The Z-score measures how many standard deviations the measure is from the mean. After finding the Z-score, we look at the z-score table and find the p-value associated with this z-score. This p-value is the probability that the value of the measure is smaller than X, that is, the percentile of X. Subtracting 1 by the pvalue, we get the probability that the value of the measure is greater than X.

Two machines M1, M2 are used to manufacture resistors with a design specification of 1000 ohm with 10% tolerance.

So we need the machines to be within 1000 - 0.1*1000 = 900 ohms and 1000 + 0.1*1000 = 1100 ohms.
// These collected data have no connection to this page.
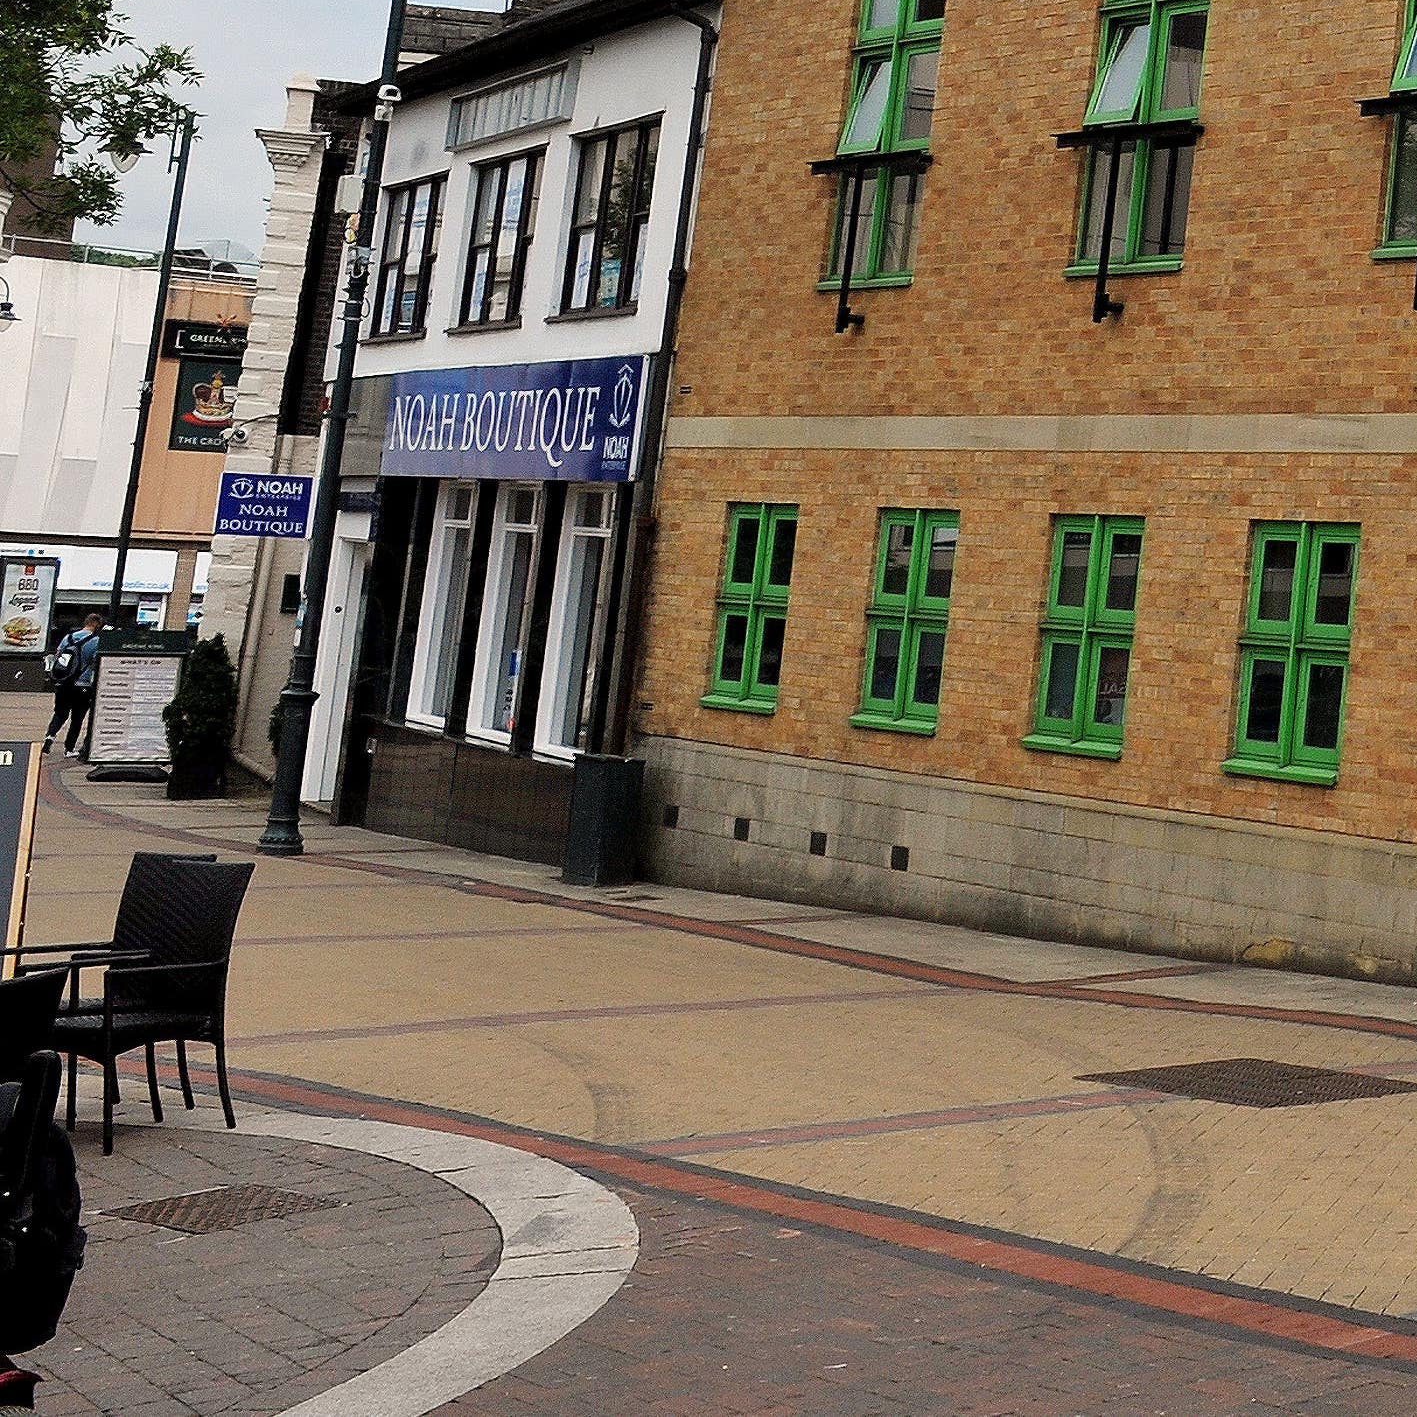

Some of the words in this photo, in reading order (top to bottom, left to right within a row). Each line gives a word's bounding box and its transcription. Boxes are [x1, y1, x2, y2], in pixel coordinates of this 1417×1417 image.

[388, 392, 460, 452] NOAH
[459, 386, 601, 468] BOUTIQUE
[199, 437, 226, 447] CRO
[602, 436, 630, 460] NOAH
[256, 480, 304, 495] NOAH
[238, 503, 289, 518] NOAH
[219, 518, 304, 536] BOUTIQUE
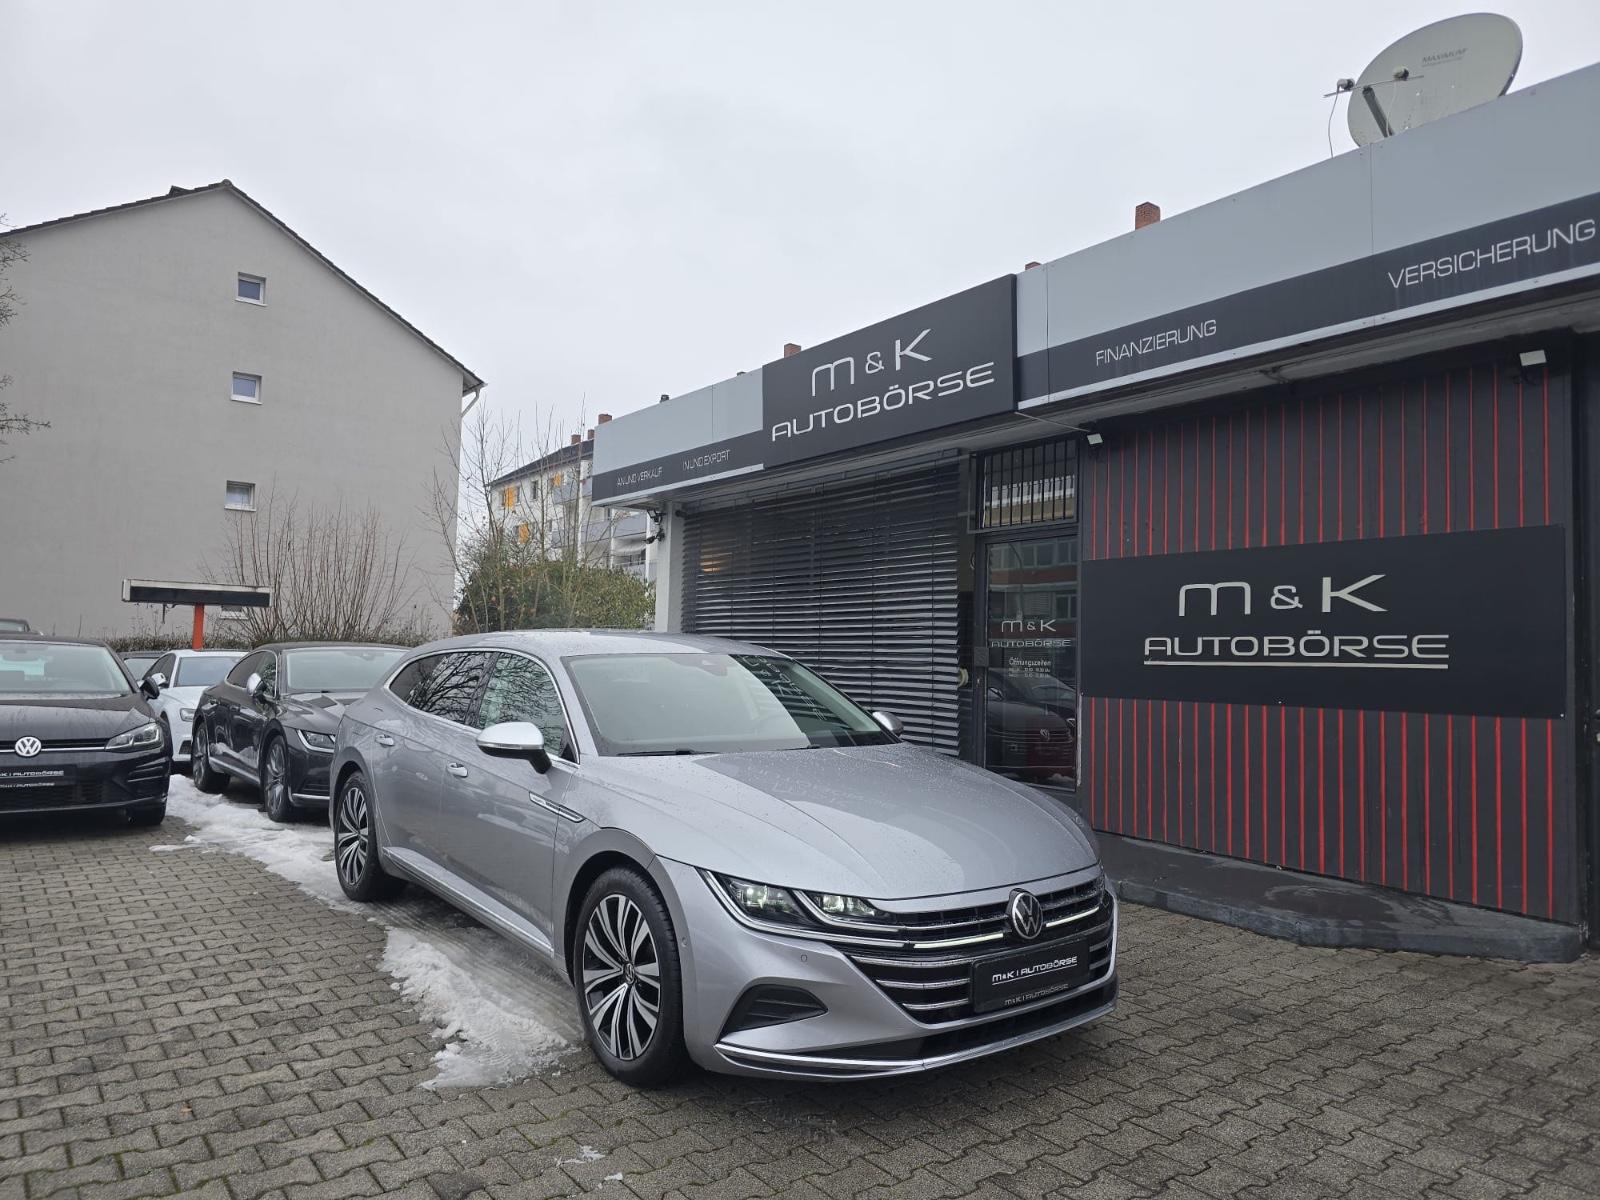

For each machine, we need to find the probabilty of the machine being in this range. We choose the one with the higher probability.

M1:

Resistors of M1 are found to follow normal distribution with mean 1050 ohm and standard deviation of 100 ohm. This means that $\mu = 1050, \sigma = 100$

The probability is the pvalue of Z when X = 1100 subtracted by the pvalue of Z when X = 900. So

X = 1100

$Z = \frac{X - \mu}{\sigma}$

$Z = \frac{1100 - 1050}{100}$

$Z = 0.5$

$Z = 0.5$ has a pvalue of 0.6915.

X = 900

$Z = \frac{X - \mu}{\sigma}$

$Z = \frac{900 - 1050}{100}$

$Z = -1.5$

$Z = -1.5$ has a pvalue of 0.0668

0.6915 - 0.0668 = 0.6247.

M1 has a 62.47% probability of being in the desired range.

M2:

M2 are found to follow normal distribution with mean 1000 ohm and standard deviation of 120 ohm. This means that $\mu = 1000, \sigma = 120$

X = 1100

$Z = \frac{X - \mu}{\sigma}$

$Z = \frac{1100 - 1000}{120}$

$Z = 0.83$

$Z = 0.83$ has a pvalue of 0.7967.

X = 900

$Z = \frac{X - \mu}{\sigma}$

$Z = \frac{900 - 1000}{120}$

$Z = -0.83$

$Z = -0.83$ has a pvalue of 0.2033

0.7967 - 0.2033 = 0.5934

M2 has a 59.34% probability of being in the desired range.

Since M1 has the higher probability of being in the desired range, we choose M1.